Mine? Well, that is starting to seem like a lost cause, even to a positive person like myself. But you can’t have it all, right?
CHAPTER 2
RHETT
I stand on the dock, staring out over the ocean. There aren’t many places in the world prettier than the Bahamas. The temperature is perfect today, and there isn’t a cloud in the sky.
I’ve spent all morning doing what I love most in the world—creating visually stunning and delicious-tasting desserts for people who may or may not appreciate all the work that went into them.
This is my life. At thirty-one years old, I shouldn’t care what my family thinks about it, but I can admit to myself that sometimes I do. I’m a grown man, but I can’t help that it matters—deep down—that I don’t have the support most people take for granted.

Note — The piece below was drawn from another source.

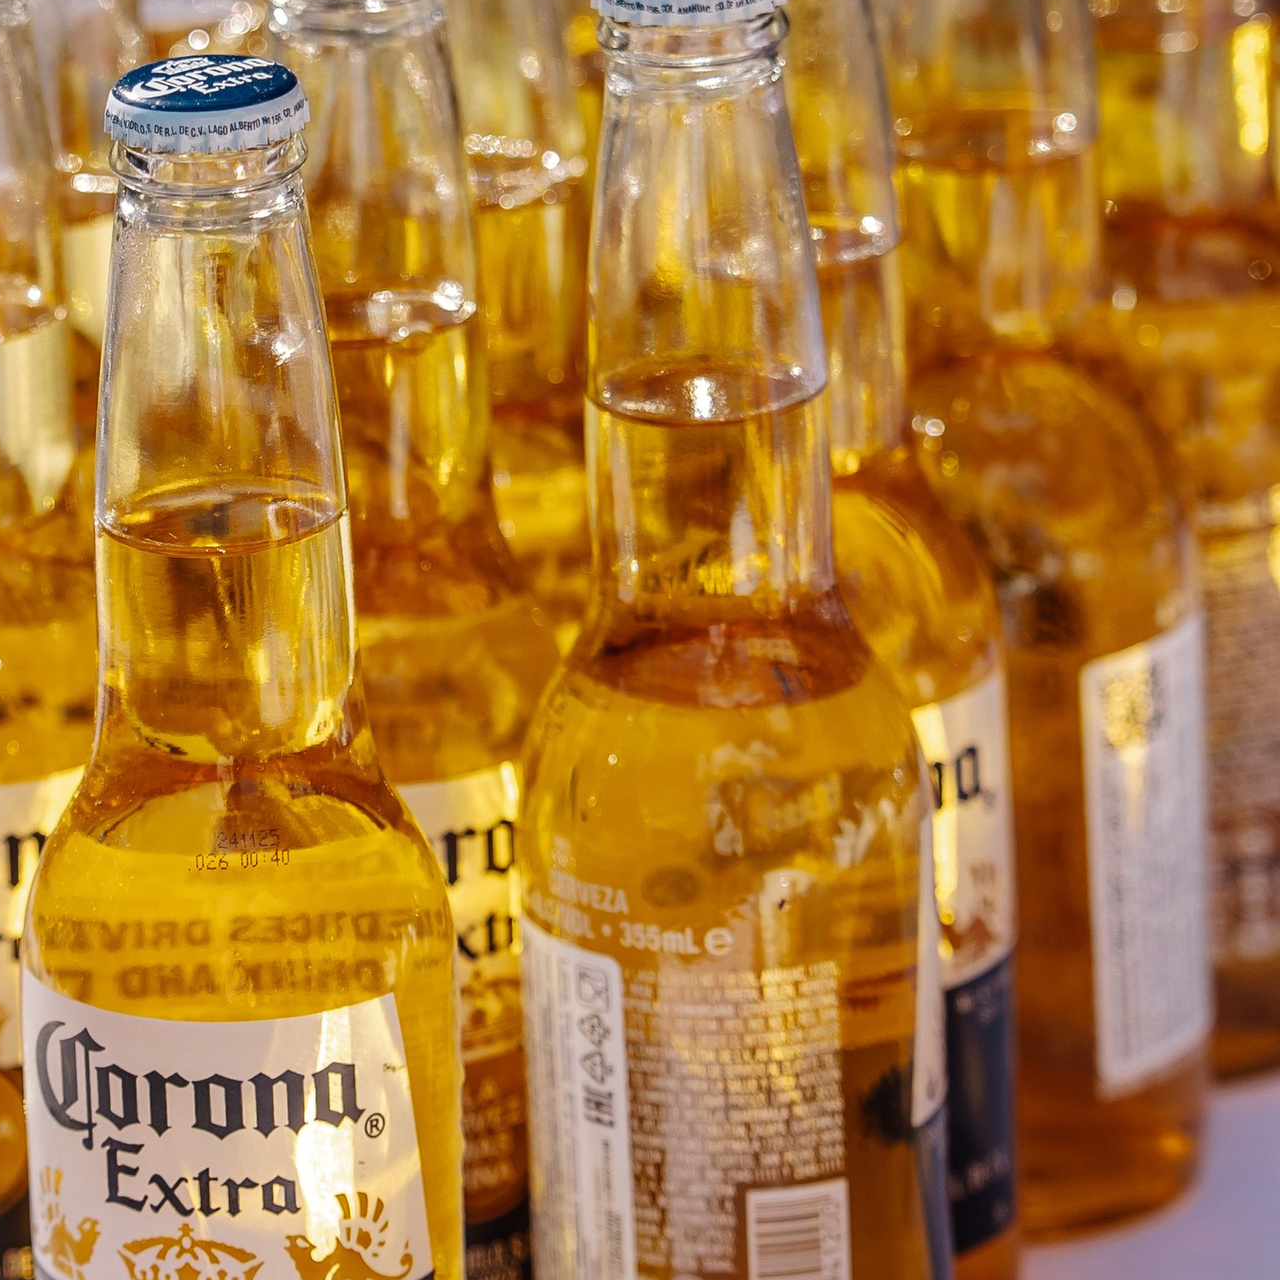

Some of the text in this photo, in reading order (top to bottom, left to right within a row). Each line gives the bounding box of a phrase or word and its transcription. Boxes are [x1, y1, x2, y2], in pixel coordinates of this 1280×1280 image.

Even surrounded by all this beauty, it’s hard to live with the knowledge that your parents don’t accept you. They don’t think what you do is anything special. They don’t like that a son of theirs has “given up” on being successful by cooking fancy desserts for rich people.
Mom is a respected cardiologist in Boston, and Dad is one of the top entertainment attorneys in the country. He splits his time between Boston and Los Angeles, where most of his clients are. I’m sure that’s where he also keeps his mistresses, although no one in our family would ever bring up that topic.
They’ve been married for almost forty years, and I can’t remember ever seeing them hold hands or kiss. They are more of a partnership, I guess. Their marriage is one reason why I will never get married. Sharing your whole life with someone you don’t love seems pointless.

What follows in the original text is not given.